Now, one reason for “respectable” theologians to downplay the argument to design nowadays is that Darwinian evolution “makes it intellectually respectable to be an atheist.” In other words, if evolution provides a designer-substitute in natural selection, there is no longer any force in design arguments.
But theologically that case cannot be made secure, except in the current Post-Enlightenment atmosphere is which (as Freddie Freddoso writes) many people simply assume that “mere conservationism” is God’s only role in the world. Historically, as the quote from the Gregory article shows, “God penetrates each portion” of the natural world. In later philosophical terms, he works concurrently with secondary powers, so that any tendency they show to producing order is due to his oversight. So it is still valid to argue that “chance cannot produce such order – therefore there is a God of order.”
Now, evolution does affect the plausibility of that argument somewhat, in that if one is inclined to be Epicurean with regard to chance, evolution based entirely on adaptation through natural selection makes the case a bit less one-sided – you only have to refute concurrence and explain the chance existence of the boundary conditions. You need to add a Multiverse to do that.
But Darwinism doesn’t prove the case simply by being proposed – it has to prove itself to be exhaustively sufficient first. It’s arguable if that all-sufficiency looks more or less likely since Darwin’s day. But even amongst those of his time, who were pretty convinced it was the key to biology, acceptance of Darwinian evolution made no difference to the validity of design arguments.
Elsewhere I’ve shown that they were employed by the first generation of theistic evolutionists like Asa Gray, Charles Kingsley and Benjamin Warfield, but more recently I’ve demonstrated that the argument to design was fundamental to Alfred Russel Wallace’s thinking too.

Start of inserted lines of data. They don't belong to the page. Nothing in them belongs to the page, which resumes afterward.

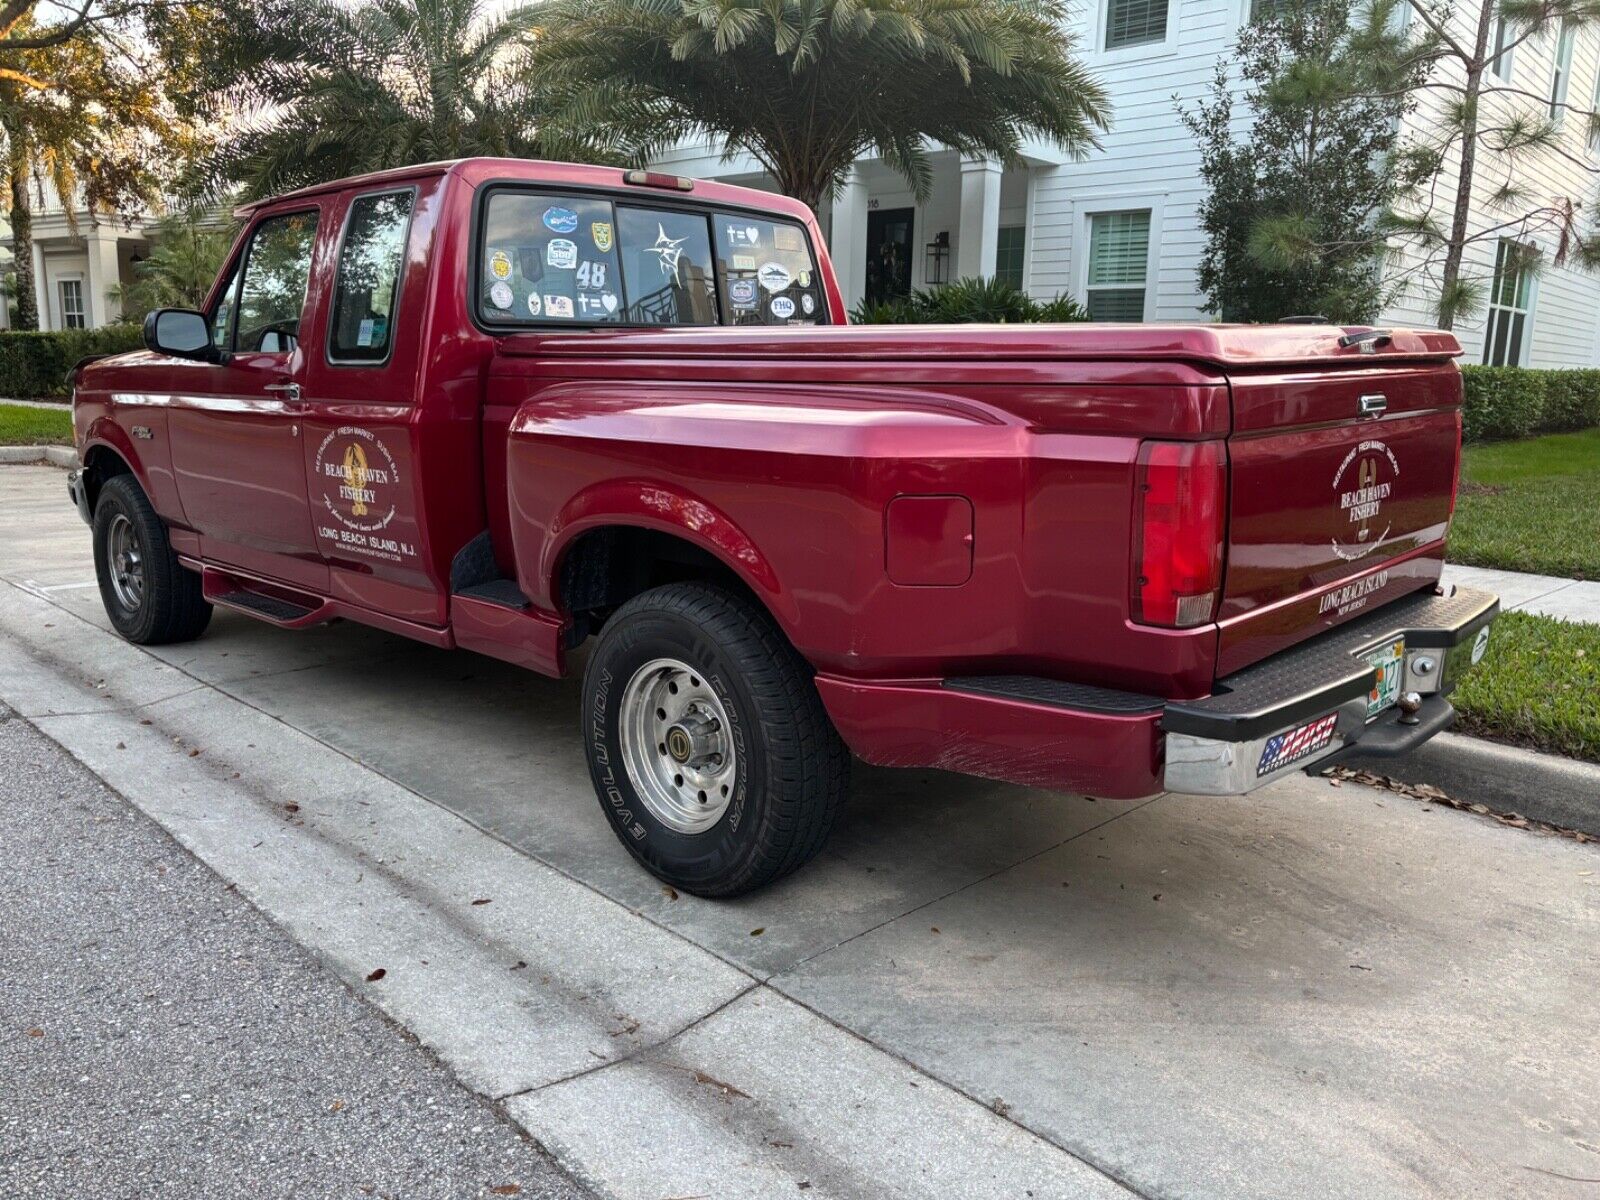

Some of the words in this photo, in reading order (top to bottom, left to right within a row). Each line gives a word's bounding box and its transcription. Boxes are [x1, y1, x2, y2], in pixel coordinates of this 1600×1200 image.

[576, 260, 606, 290] 48
[774, 300, 793, 311] FHQ
[337, 426, 353, 436] FRESH
[354, 427, 375, 441] MARKET
[325, 463, 353, 480] BEACH
[358, 468, 388, 485] HAVEN
[340, 485, 376, 504] FISHERY
[1341, 489, 1367, 510] BEACH
[1367, 482, 1391, 503] HAVEN
[1350, 501, 1381, 523] FISHERY
[318, 526, 339, 540] LONG
[341, 530, 367, 546] BEACH
[369, 536, 401, 554] ISLAND,
[401, 543, 418, 557] N.J.
[1319, 588, 1342, 615] LONG
[1340, 581, 1364, 605] BEACH
[1364, 570, 1388, 595] ISLAND
[1337, 604, 1350, 617] NEW
[1349, 597, 1368, 612] JERSEY
[594, 667, 647, 842] EVOLUTION
[710, 673, 748, 833] COOPER

Such arguments remain humanly potent, whatever their alleged weakness as proofs. I recall the case of a Soviet surgeon (remember that in the militantly atheist USSR Darwinian science was considered synonymous with communism), who came to faith through musing that even if God had only designed the human hand, he would be worthy of worship.

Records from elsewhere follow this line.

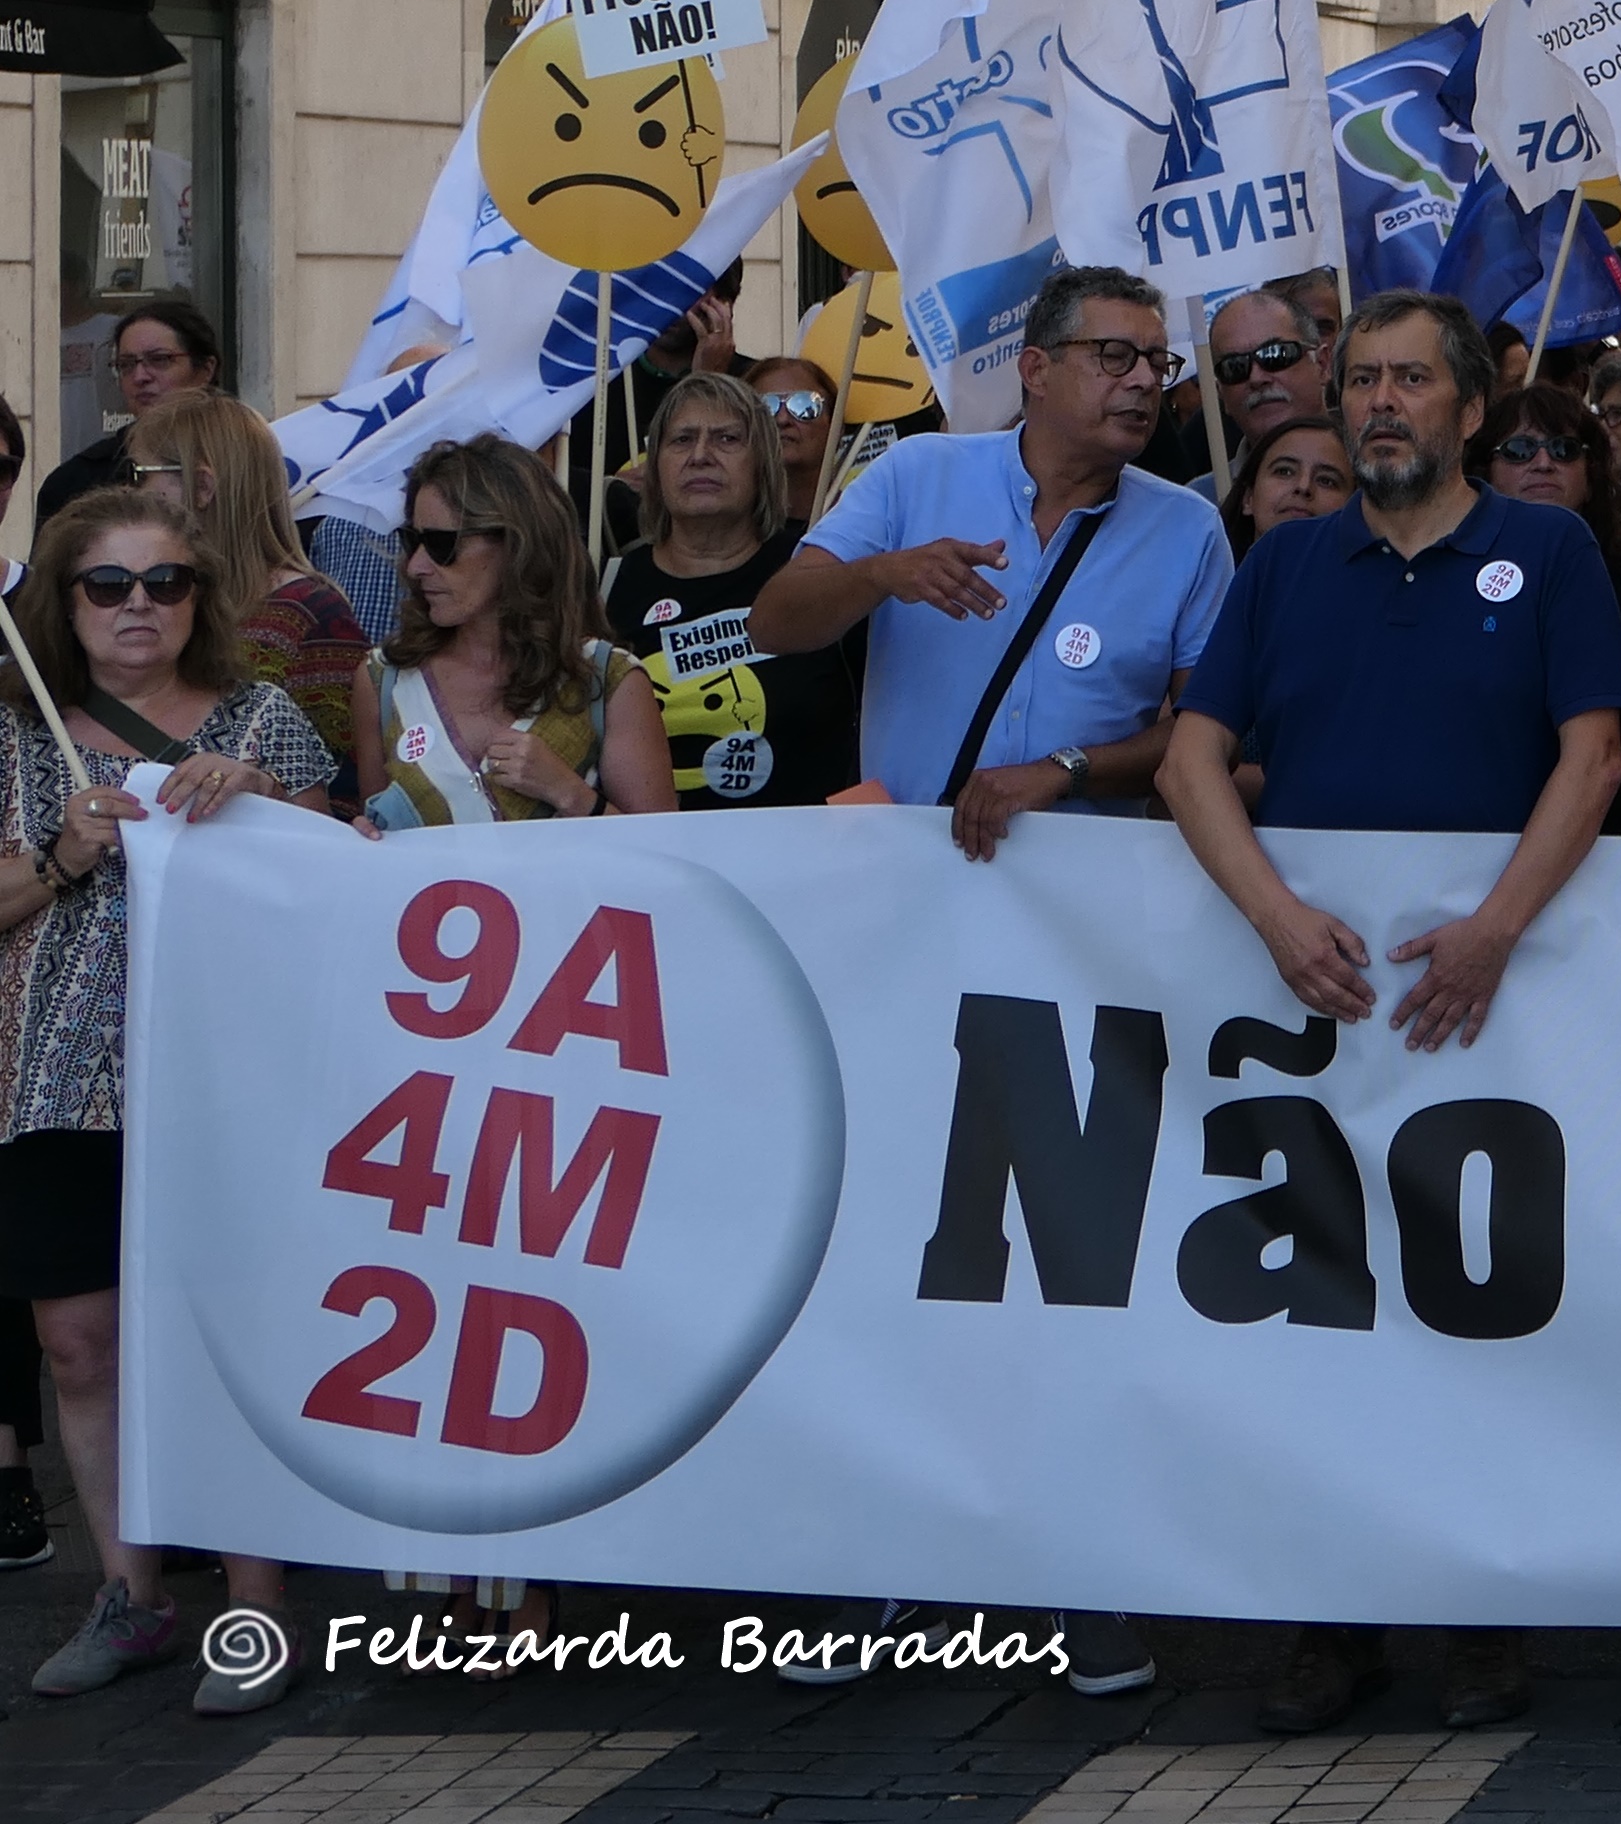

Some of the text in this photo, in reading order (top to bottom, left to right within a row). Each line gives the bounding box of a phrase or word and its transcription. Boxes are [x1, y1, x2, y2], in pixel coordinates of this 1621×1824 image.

[629, 1, 717, 55] NÃO!
[24, 19, 46, 56] Bar
[102, 138, 152, 199] MEAT
[103, 210, 152, 259] friends
[1495, 564, 1515, 580] 9A
[1481, 583, 1501, 598] 2D
[1487, 574, 1511, 590] 4M
[654, 601, 672, 613] 9A
[669, 617, 748, 653] Exigim
[1071, 627, 1090, 642] 9A
[1065, 639, 1089, 654] 4M
[675, 637, 753, 674] Respei
[1062, 650, 1083, 665] 2D
[407, 726, 425, 740] 9A
[406, 735, 426, 749] 4M
[726, 737, 756, 754] 9A
[407, 747, 425, 761] 2D
[720, 754, 756, 772] 4M
[719, 774, 751, 791] 2D
[383, 878, 670, 1078] 9A
[320, 1069, 662, 1271] 4M
[915, 992, 1567, 1341] Não
[299, 1264, 591, 1456] 2D

And so my conclusion here is not that design arguments are irrefutable, or that the Intelligent Design program is necessarily valid, or that Paley must be endorsed at every point. It’s simply that the claim that such arguments are third rate apologies for an inferior god, with no place in intellectual life and even less in good theology, is sheer hogwash. Their prevalence in theological history, in the hands of the best theologians, proves that, at least.
Maybe the next task is to find out where the opposing view came from, and why it seems so persuasive to modern thinkers.